In summary, PBMC-PIE enabled us to perform single-cell profiling of HSPC from convalescent COVID-19, healthy donor, and non-COVID19 ICU participants, with an unprecedented level of resolution and detail (with ~30,000 annotated HSPC), and with combined chromatin and expression analysis. Further, our results establish that although circulating HSPC are rare, they recapitulate the diverse HSPC subclusters conventionally studied in the bone marrow niche.
Altered hematopoiesis following COVID-19
We next explored if there were alterations in HSPC subset frequencies across COVID-19 and control study participants. We observed increased frequencies and population shifts in HSC/MPP following severe disease, in general, both in S:2-4mo and nonCoV (Fig. 1F, right; fig. S3G). These changes were more significant in the post-COVID-19 cohort and pointed to an emergency hematopoiesis phenotype (i.e., a broad activation of HSPC subsets induced by inflammation to replenish leukocytes and mobilize an effective response) that was consistent with the still-active pro-inflammatory plasma response (fig. S1B-C).

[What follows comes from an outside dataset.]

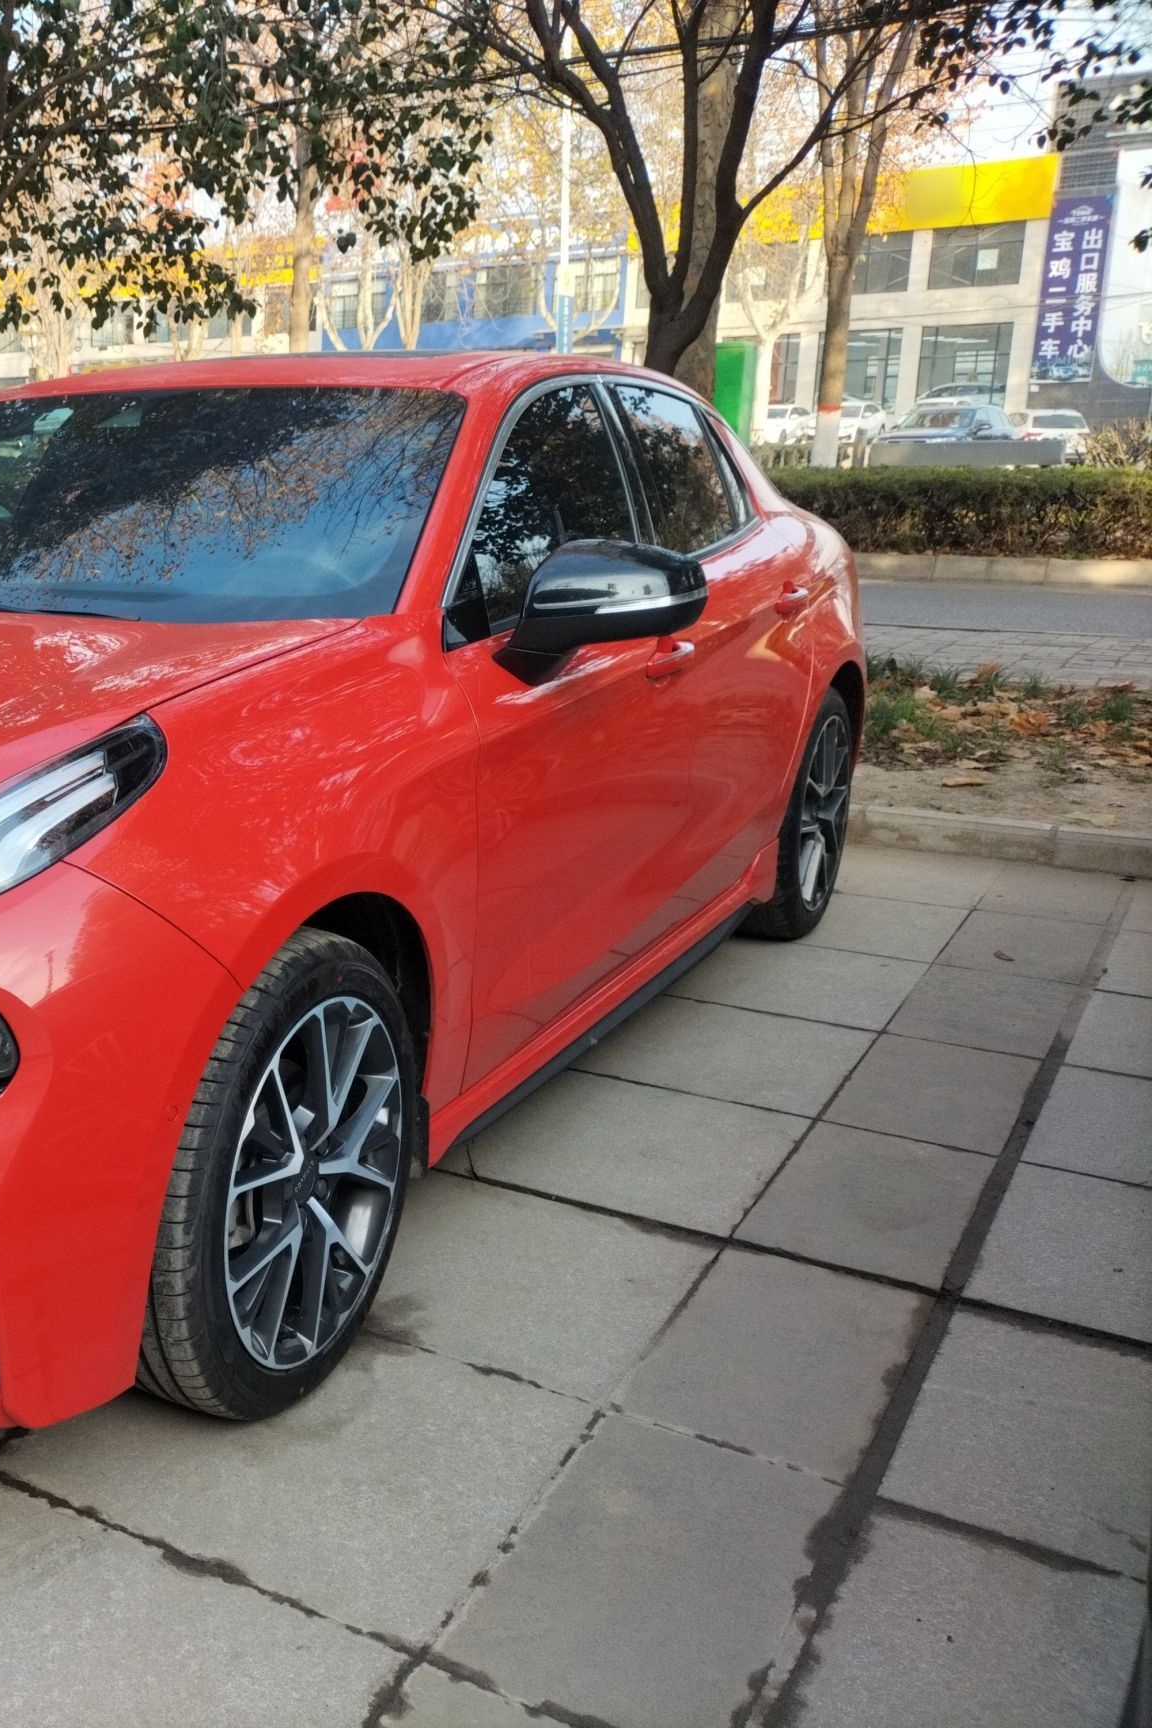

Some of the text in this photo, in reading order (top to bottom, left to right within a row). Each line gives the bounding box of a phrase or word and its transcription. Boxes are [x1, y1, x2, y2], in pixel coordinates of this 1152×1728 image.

Flow cytometry analysis revealed similar increases in LT-HSC subsets (Lin-CD34+CD38-CD45RA-CD90+CD49f+) (fig. S3E), providing complementary validation of this emergency hematopoiesis phenotype. We also observed increased frequencies of neutrophil progenitors following critical illness (S:2-4mo and nonCoV), consistent with ongoing emergency granulopoiesis that could be a consequence of maintained elevated plasma cytokines and acute-phase proteins, which promote neutrophil production. Notably, this increase in neutrophil progenitors (but not BEM) persisted into late convalescence following severe COVID-19 (S:4-12mo) (Fig. 1F, left; fig. S3F-G), despite resolution of the active plasma response (fig. S1B-C), suggesting a durable alteration in HSPC.

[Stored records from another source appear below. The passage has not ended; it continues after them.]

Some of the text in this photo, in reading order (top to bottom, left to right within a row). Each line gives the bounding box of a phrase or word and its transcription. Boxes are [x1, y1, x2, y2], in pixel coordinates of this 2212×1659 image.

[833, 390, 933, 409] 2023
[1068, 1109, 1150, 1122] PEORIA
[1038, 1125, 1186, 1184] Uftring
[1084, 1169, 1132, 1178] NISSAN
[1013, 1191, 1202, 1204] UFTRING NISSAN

To investigate features that may drive a persistent bias towards neutrophil differentiation in precursor cells post-COVID-19, we identified genes within the HSC/MPP subcluster that were differentially expressed between healthy and afflicted cohorts (Fig. 1H, J). Gene ontology (GO) analysis of upregulated genes in severe COVID-19 cohorts (both early and late convalescence) included terms linked to granulopoiesis. In early convalescence (S:2-4mo), a still-active response to inflammation and an inflammatory response in HSPC was detected (GO: response to cytokine/virus, type I interferon signaling, and immune system process). In late convalescence (S:4-12mo) a granulocyte/neutrophil program was detected (GO: neutrophil/granulocyte migration) (Fig. 1J). Among differentially expressed neutrophil differentiation-related genes in this precursor population were S100A8/A9 and CSF3R (Fig. 1H). CSF3R, while a marker for neutrophil progenitors, is also expressed early in HSC/MPP subclusters (Fig. 1H-I), and its signaling in response to CSF3 (G-CSF) is necessary and sufficient to drive neutrophil differentiation (51). These data suggest that persistent and increased CSF3R expression in HSC/MPP post-COVID-19 may contribute to augmented neutrophil differentiation. Beyond the identification of post-COVID-19 features, our large (32 subjects, 28,069 cells) single-cell dataset of diverse HSPC subsets and their annotations demonstrate that PBMC-PIE provides the opportunity to study alterations in hematopoiesis and HSPC transcription and epigenetic signatures in the context of health and disease states using peripheral blood specimens.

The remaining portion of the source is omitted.